The concept of שומר פתאים השם is being touted as a reason to take the experimental vaccine and not worry. We are being told that because "most experts and the greatest experts" have decided that the risks are minimal, and the dangers of not taking the vaccine are severe, we must listen to them and vaccinate.
Unfortunately this ruling is based on fundamentally flawed reasoning and a complete distortion of the concept of שומר פתאים השם. Here are links to two excellent in-depth treatments of the concept in Halacha, the main principles of which I will summarize below.
There are two opposing principles in Halacha which must be reconciled in all situations so that we can live healthy, balanced lives.
1) We have an obligation to protect our lives and wellbeing from danger.
2) We must trust in Hashem to protect us.
If we take extreme, abnormal measures to protect ourselves from danger, we demonstrate a lack of trust in Hashem. Such measures have unintended consequences that compromise one's mental health and ability to live a normal, productive life. We are not supposed to be hypochondriacs or live with paranoia.
Indeed, such fear is a sign that one is a sinner (see Berachos 60A). The righteous live with purpose and confidence, and put their trust in God.
On the other hand, we are not allowed to expect God to protect us without taking reasonable measures according to the situation. Behaving in such a fashion requires miracles (of the more open variety) to be protected, and we are not allowed to rely on such miracles. Even if a reckless person is protected, it detracts from his merits.

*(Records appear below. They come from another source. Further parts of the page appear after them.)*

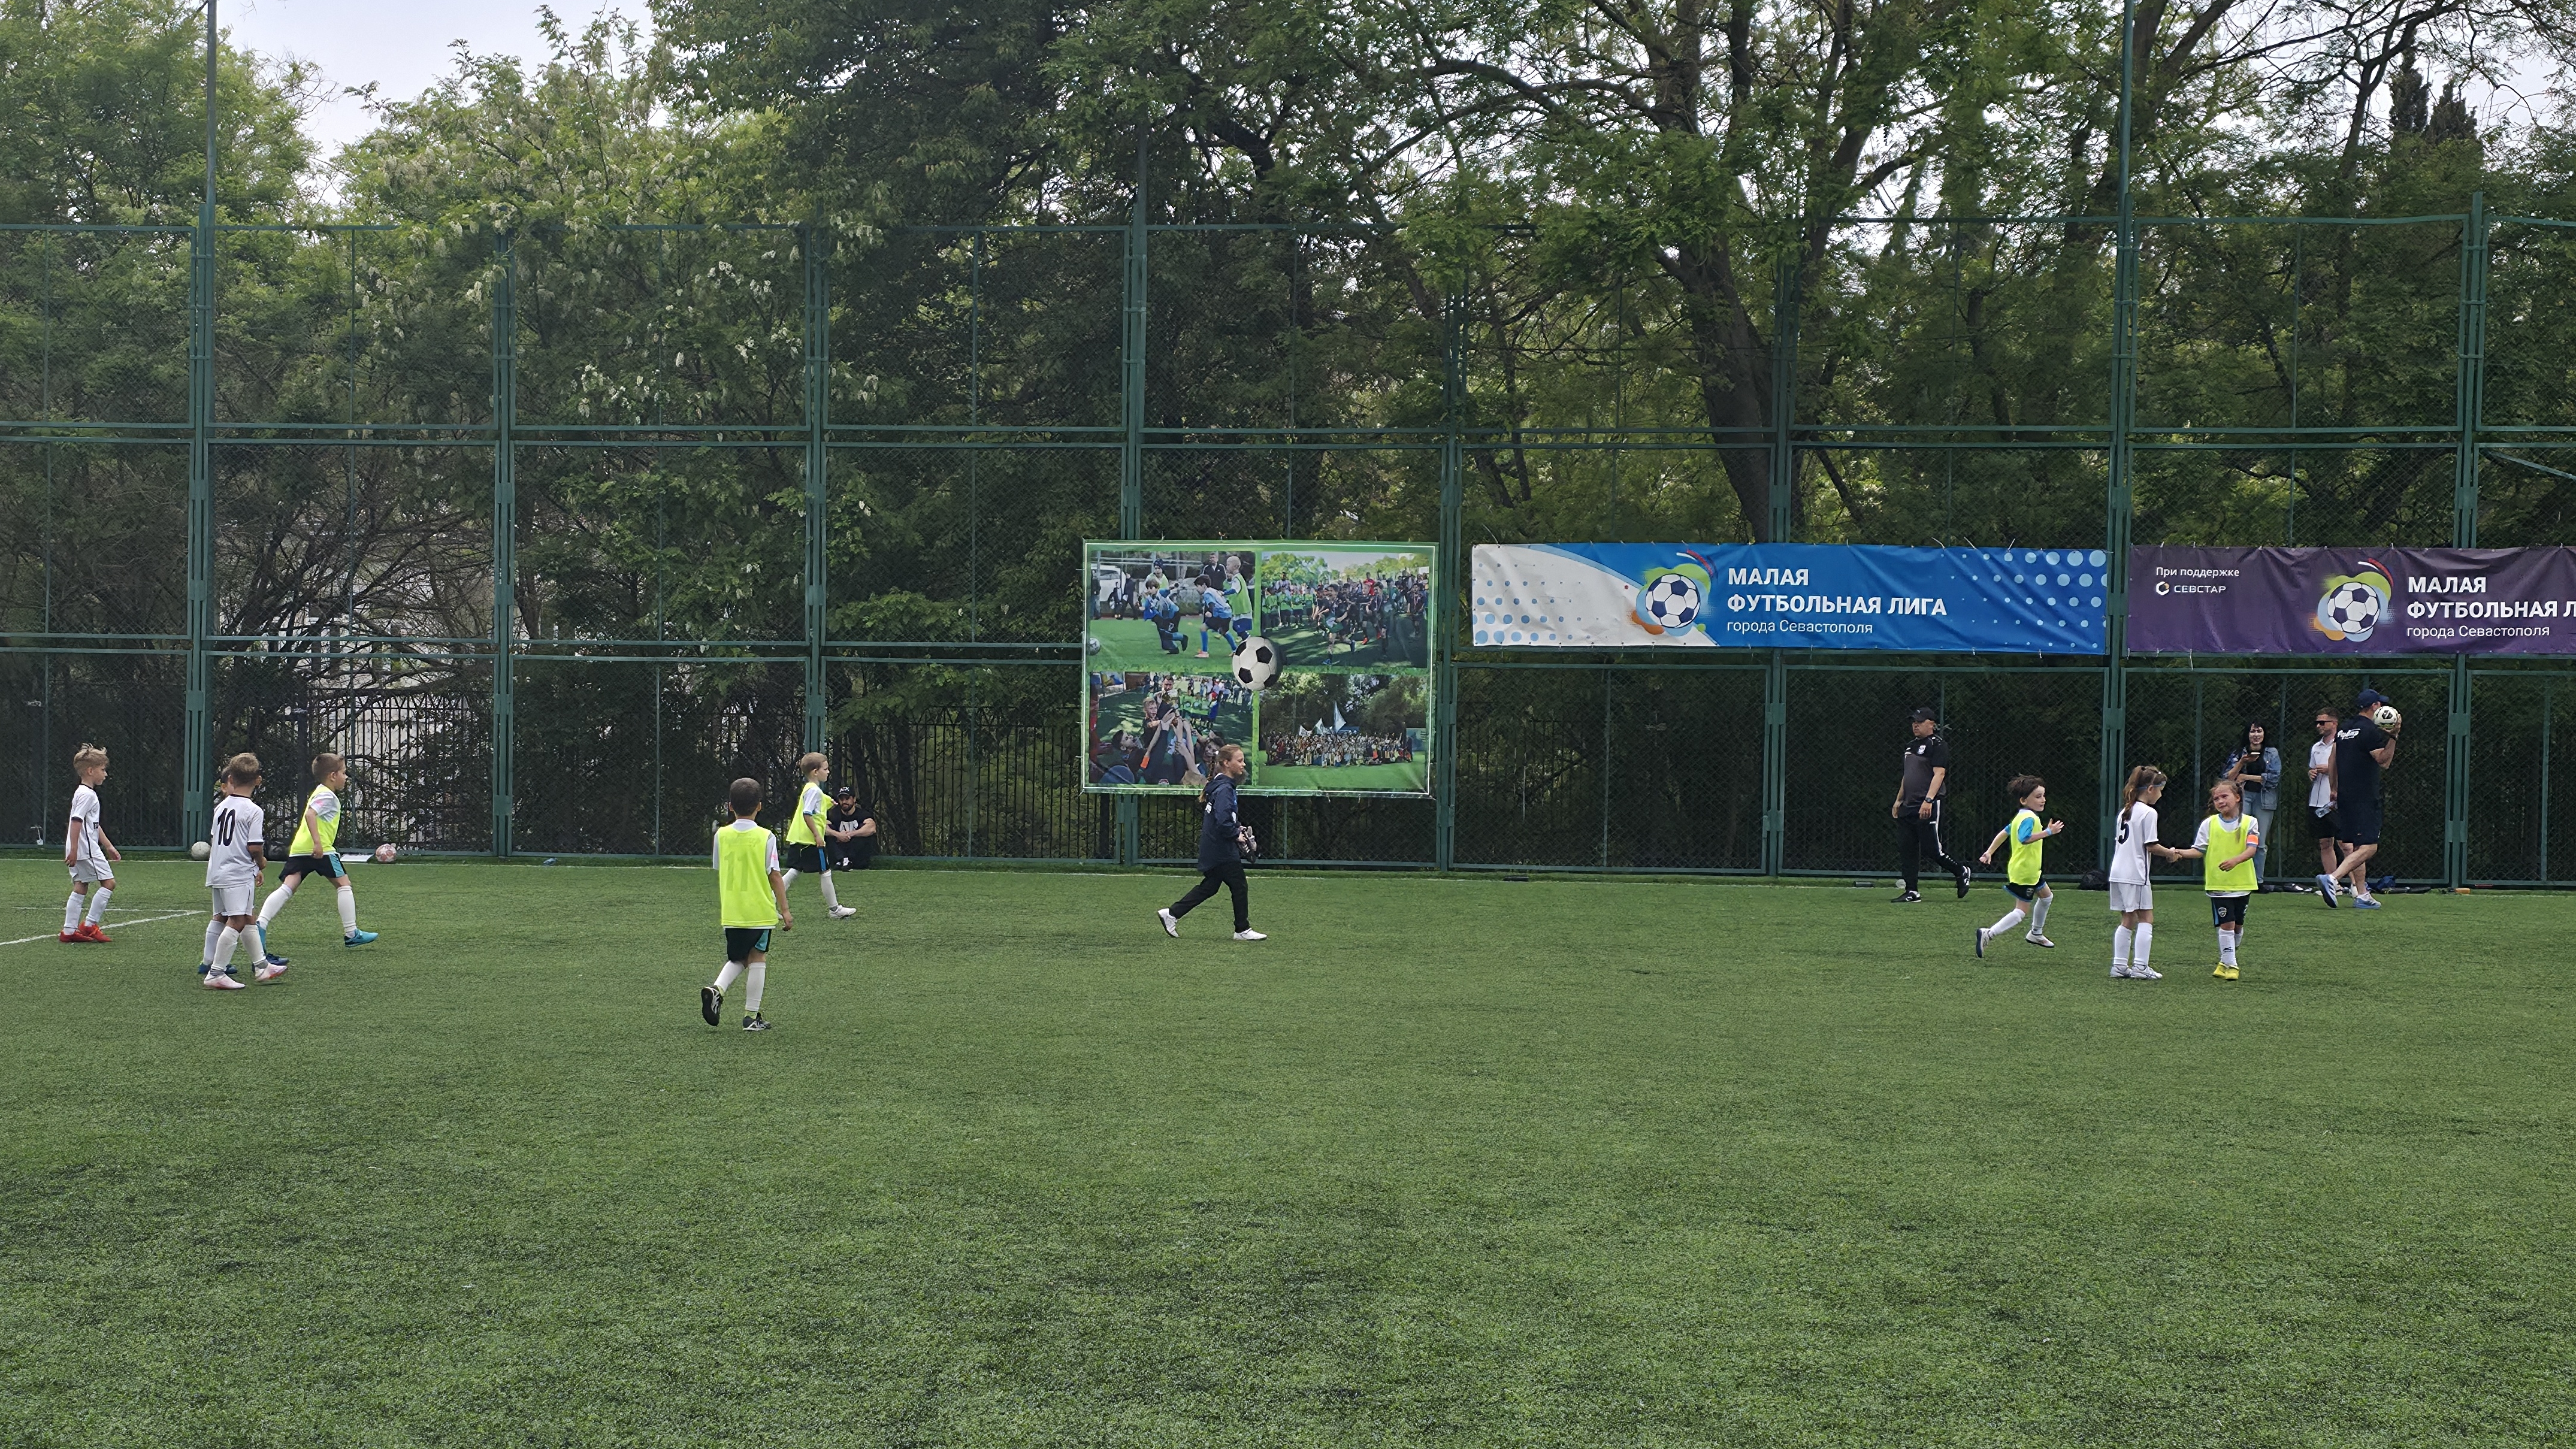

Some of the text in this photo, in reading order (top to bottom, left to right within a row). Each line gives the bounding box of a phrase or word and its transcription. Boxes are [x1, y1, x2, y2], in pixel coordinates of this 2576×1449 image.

[1728, 568, 1809, 586] МАЛАЯ
[2156, 567, 2240, 578] При поддержке
[2408, 577, 2486, 593] МАЛАЯ
[1727, 594, 1947, 616] ФУТБОЛЬНАЯ ЛИГА
[2407, 601, 2557, 618] ФУТБОЛЬНАЯ
[1727, 619, 1873, 634] города Севастополя
[2407, 625, 2549, 639] города Севастополя
[217, 807, 235, 846] 10
[2118, 821, 2129, 845] 5
[724, 851, 748, 891] 11

The shiurim I provided above illustrate these fundamental principles through a variety of halachic sources. According to the poskim, the following variables all impact the balance between what are considered reasonable risks to take, what is considered dangerous enough to avoid, and when to rely on God:
1. Is it a definite and immediate danger?

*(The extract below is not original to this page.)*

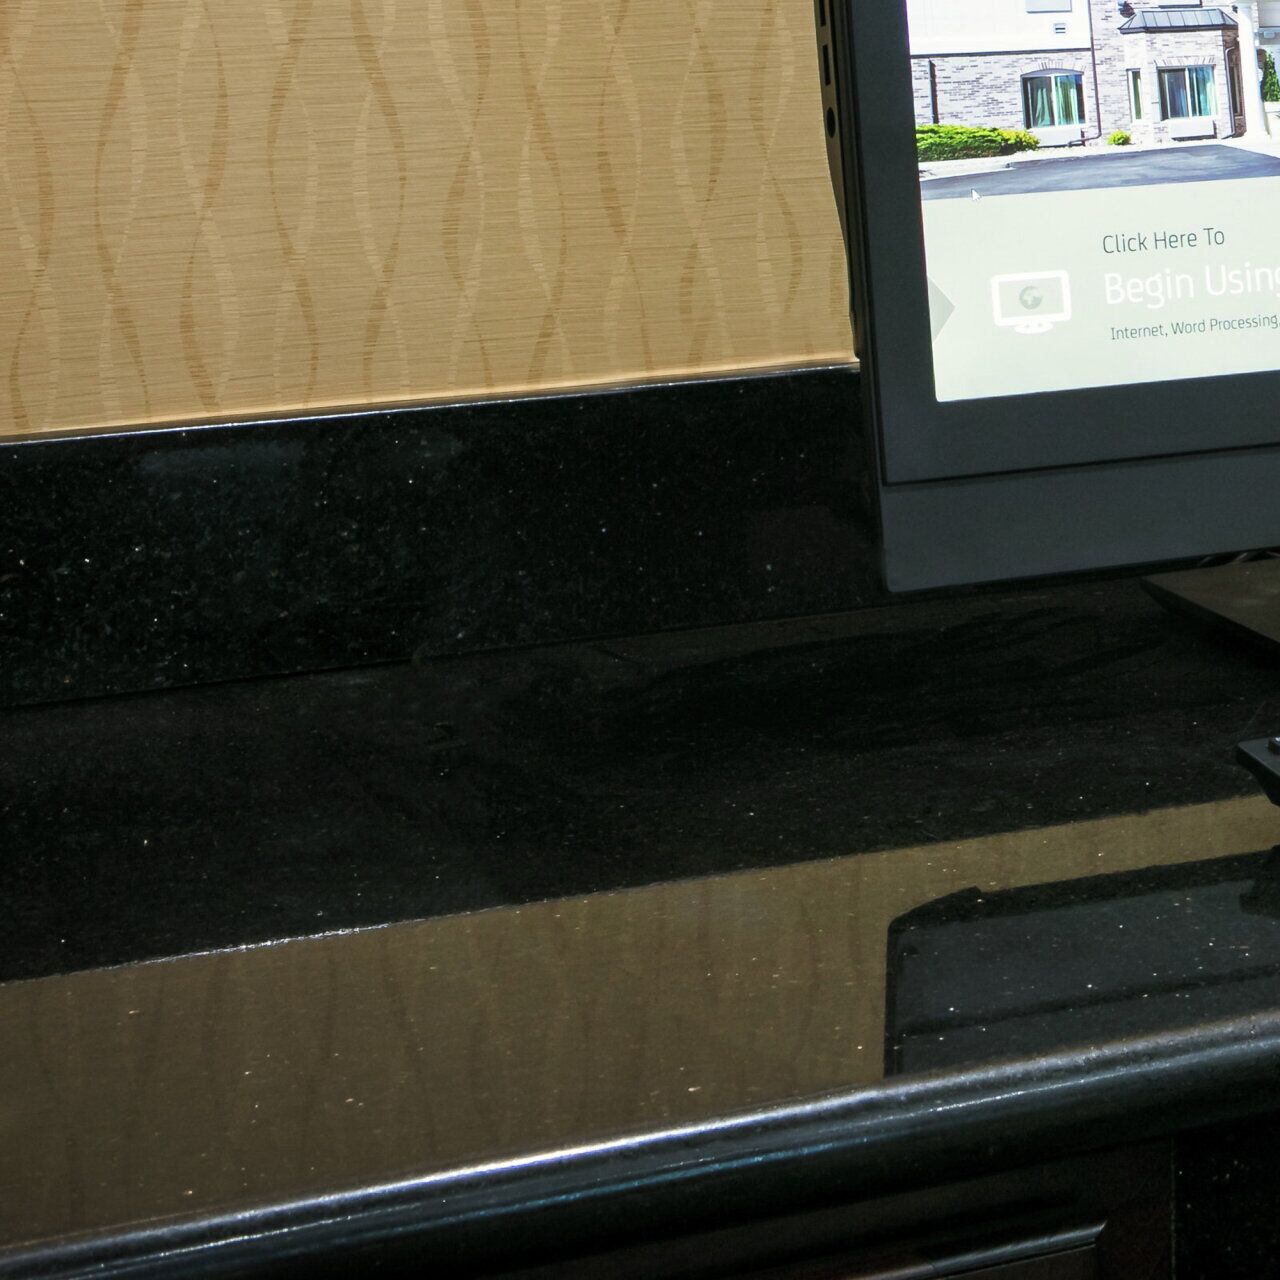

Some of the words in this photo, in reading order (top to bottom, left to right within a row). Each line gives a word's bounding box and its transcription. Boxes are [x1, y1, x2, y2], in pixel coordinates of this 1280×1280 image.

2. Is the behavior one that all of society has accepted as normal?
3. What is the likelihood of being harmed?
4. What are the benefits of the behavior?
These criteria must be weighed to determine the proper balance of appropriate risk, appropriate protective measures, and trusting in God.
A few examples will help illustrate this and provide clarity for our situation.
1. It is more dangerous to ride a car or fly in a plane than to go for a walk or stay at home. However, the dangers are extremely remote, all of society has accepted these modes of transportation as normal, the likelihood of being harmed is close to zero, and the benefits of these modes of transportation are great. Therefore, these risks are entirely acceptable and one should rely upon שומר פתאים השם.
2. One is more likely to suffer an injury from playing sports or riding a bike than other forms of exercise. Some sports, like tackle football and boxing, have an extremely high risk of injury, including serious injuries, and are not advisable. Others have less risk of injury and extremely low risk of serious injuries. Bike riders, for example, have a greater risk of being hit by a car or suffering a head injury even with a helmet, but overall, with proper precautions, these risks are minimal.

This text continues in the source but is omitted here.